Cependant, il y a des professionnels qui jouent la différence et créent les conditions de relations où ne s’anéantit pas le propos de l’invité; ce fut le cas de » Regards de femmes » animée par Aline Pailler (FR3 Midi-Pyrénées). Tout fait ventre pour la Baleine, le journaliste ou l’animateur qui coupe la parole comme celui qui la libère; il y a celui qui parle et celui qui écoute. Avec une voix qui donne le frisson et montre le chemin, une voix du bout des lèvres timbrée de modestie, Béatrice Schönberg rosit parfois à l’image dans le respect du visiteur; sans jamais être impérative, son exercice est difficile mais illumine sur F2 les » 20 H » de fin de semaine. Le 30 novembre, pour la promotion du film le Bossu de Philippe de Broca, elle reçoit Fabrice Lucchini dont on sait la verve sans fin, il est question de l’immonde qui révèle ce qui est magnifique dans un film lorsque, coup sur coup, deux questions, dont ce n’est pas l’objet, laissent sur le flan le visiteur; sans voix il est alors tout proche de la journaliste et, dans une infime faille de silence où se mêlent deux gênes, une manière de sublime prend corps, plus de récitation, il s’arrache pour répondre qu’il n’y a pas de dissemblances entre Auteuil et lui-même, car pour tous les deux » jouer la comédie c’est être au service de manière humble et généreuse, si possible, du propos, d’être à la hauteur du propos « ; cette leçon vaut bien pour les gens de télé. Quand Béatrice Schönberg reprend la parole, une douce moiteur perle sur son visage comme une trace de fertilité du lien.

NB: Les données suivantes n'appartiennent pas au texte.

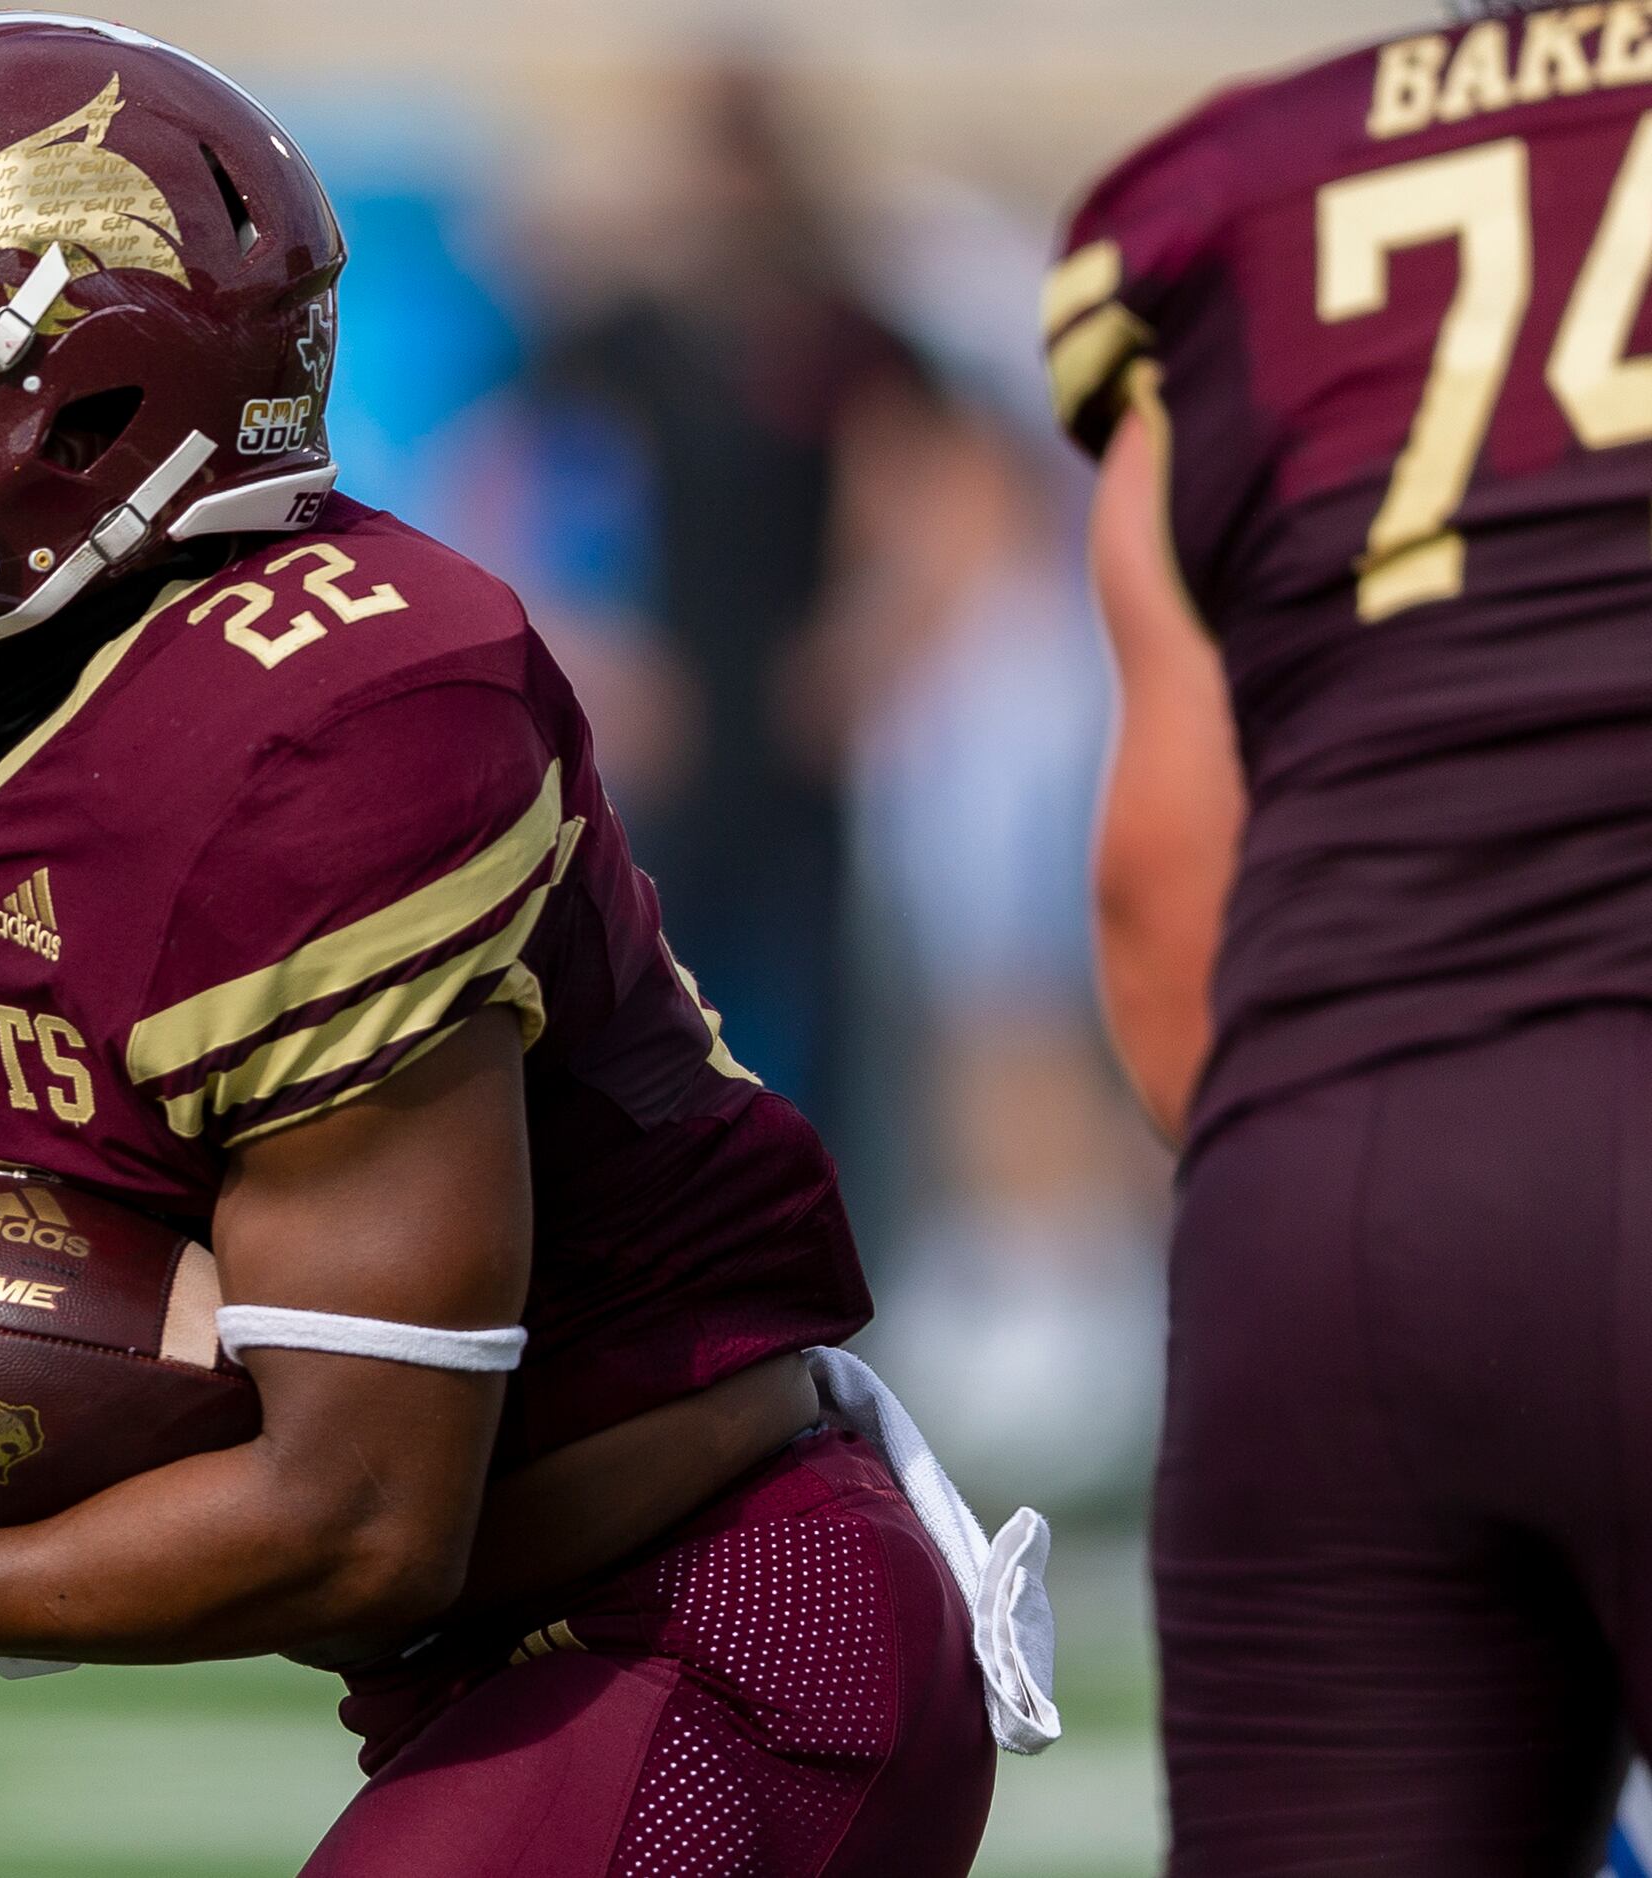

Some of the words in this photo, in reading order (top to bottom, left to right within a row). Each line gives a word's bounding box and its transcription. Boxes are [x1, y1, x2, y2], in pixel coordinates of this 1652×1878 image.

[33, 161, 72, 177] EAT
[97, 178, 134, 193] EAT
[1, 203, 23, 220] UP
[37, 199, 76, 216] EAT
[113, 196, 136, 212] UP
[64, 218, 87, 234] UP
[117, 235, 140, 251] UP
[237, 396, 312, 455] SBC
[186, 542, 410, 670] 22

La cité des Grands-Pêchers de Montreuil comporte sept tours de 5 à 7 étages, 18 cages d’escalier, 562 logements et 3399 habitants dont pas mal de cousines de Lily, qui aimait tant la liberté, dans la chanson de Pierre Perret. C’est là que, de manière vulgaire, Eric Raoult, ministre de l’Intégration en février 1997, invite Bertrand Tavernier à venir habiter pendant un mois pour découvrir que l’immigration, c’est pas du cinéma. Cette invitation est avant tout injurieuse pour les habitants de la cité, ils sont ainsi désignés du doigt comme la lie de la société, la canaille; la démarche est assez classique, le ministre prend les effets pour la cause. Le cinéaste répond à l’injure et fait un film. Rien ne sera facile car la cité est à fleur de peau, le film organise cette tension par le truchement de scènes d’accrochage entre habitants, contradictions classiques, où chacun veut en découdre pour brûler l’énergie de son désespoir: » baisse ta main quand tu me parles « … » pourquoi tu me touches là « . L’effet de loupe accroît l’infamie du chômage qui vide de sens toute existence jusqu’au suicide; dans ce contexte le cri de Cédric, qui travaille dans une verrerie, vaut tous les avertissements » c’est mon métier, il ne faut pas me l’enlever… Quand je suis mal je viens là (sur son poste de travail) « . Mais la cité retient son souffle, certes les rencontres sont fertiles et les marques de solidarité exemplaires, on ne désire pas habiter dans Paris où » ils regardent tous par terre « , mais la pression est si forte que le film déroule ses bobines dans les limites d’une trêve. Car si le tournage bénéficie d’une « liberté totale », les « nuisances », selon le mot de Cédric, n’ont pas d’autre liberté de choix que d’entrer dans la vie par le chômage. Tavernier ne cache pas son inquiétude ou plutôt il la partage avec ceux de la cité qui remarquent simplement que » demain, y aura pas la caméra « , et puis il termine sa réponse dans une image de crépuscule très avancé où sa voix déclare pour tous, » le film est terminé qu’est-ce qu’on va faire ? »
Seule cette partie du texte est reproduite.